Microsoft, Google, and Facebook were all started by students who never could have predicted that their projects — and products — would change the world. But the winners of the Broadcom Foundation University Research Competition, selected by a panel of technical experts at Broadcom and hundreds of the company’s top engineers, just might.
Broadcom co-founder, Chairman and Chief Technical Officer Henry Samueli kicked off the evening by introducing the 12 competitors— graduate-level engineering students who hail from top universities around the globe — and laid the ground rules for voting.
He reminded the students of the cash prizes at stake, ($10,000 for first place, $5,000 for second place and $2,500 for third) and relayed how impressed he was with their work.
“I don’t know how you will decide a winner,” Samueli said. “They are all exceptional — the quality of the projects and the students.”
The first prize winner of the competition was Yanghyo (Rod) Kim from the University of California, Los Angeles, who found an innovative way to transfer data, sans conductive wires. He wowed the crowd with a demo that accomplished data transfer between two nodes using only lightweight, inexpensive plastic tubing (think: long drinking straw).

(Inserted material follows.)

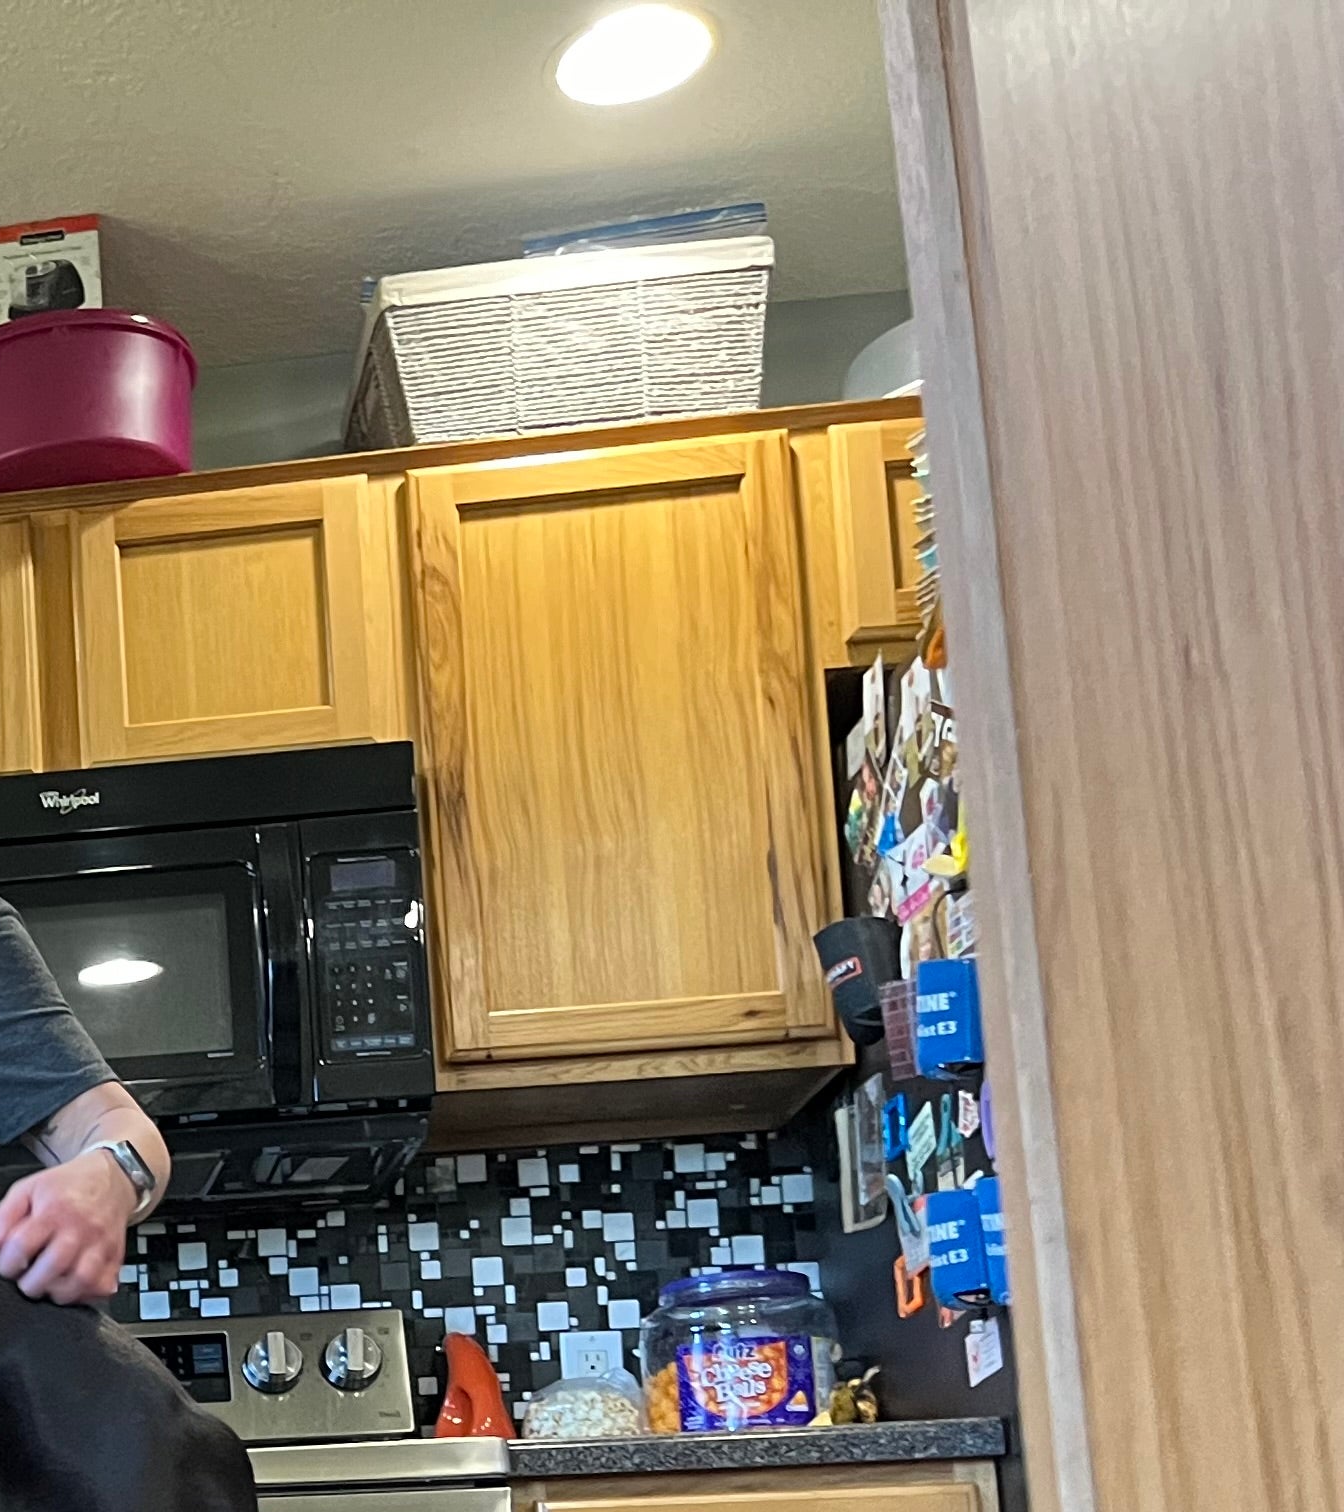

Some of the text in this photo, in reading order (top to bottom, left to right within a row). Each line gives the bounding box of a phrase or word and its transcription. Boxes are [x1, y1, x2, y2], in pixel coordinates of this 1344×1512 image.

Coming in second was Wanghua Wu from Delft University of Technology in the Netherlands whose research on creating low-cost, low-power transmitters enables millimeter wave signals and Gigabit-speed data to be sent over short distances. She predicted that the potential power and cost savings of the technology could help with the development of sensors for self-driving cars and enhance the smart grid.
Third place went to Manuel Monge of the California Institute of Technology, who helped create a microchip that can be implanted in a retinal prosthesis, powered by glasses. The optical technology would dramatically improve vision for people who are blind or who are losing their vision due to degenerative diseases. His display included a video that showed how blind people would be able to see again (including recognizing faces and reading text) with the help of the implanted chip.
About the University Research Competition
Every year, the Broadcom Foundation gathers abstracts from the best and brightest grad students at universities whose technology research was funded by the Foundation in the previous year.
A committee selects the top 12 students to compete for cash awards. As part of that competition, each student attends Broadcom’s annual Technical Conference, where they offer a three-minute on-stage pitch about their research and then engage during a reception with the more than 400 Broadcom engineers who will ultimately vote for their favorites.
During a reception, the visited individually with each of the students. They walked from station to station, not only testing the student’s knowledge, but displaying a true curiosity for potential real-world applications of the research. The students were judged on their technical prowess and also on their communication skills.
The applications of the projects were wide-ranging but fit into a few broad categories. About half of the research focused on biomedical applications, while others improve digital communication by boosting signal strength while reducing power consumption for a variety of electronic devices. All of the research shared the common mission of bringing better technology, and with it, better quality of life, to people all over the world.
Other projects included a medical implant device from Mahmoudreza Saadat of Stanford – a small chip that can be implanted into human tissue. From there, it can help perform diagnostics by sending data to an ultrasound wand with an RF receiver attached. National Technical University of Athens student Maria Koutsoupidou looked at how the terahertz spectrum could be leveraged by government security groups to non-invasively scan for explosives in airports or perhaps detect cancerous cells. And Samuel Jameson of Tel Aviv University in Israel showed how his millimeter wave generator that could provide imaging and radar to traditionally analog devices.
Will any of these projects be something that changes lives? Broadcom certainly hopes so.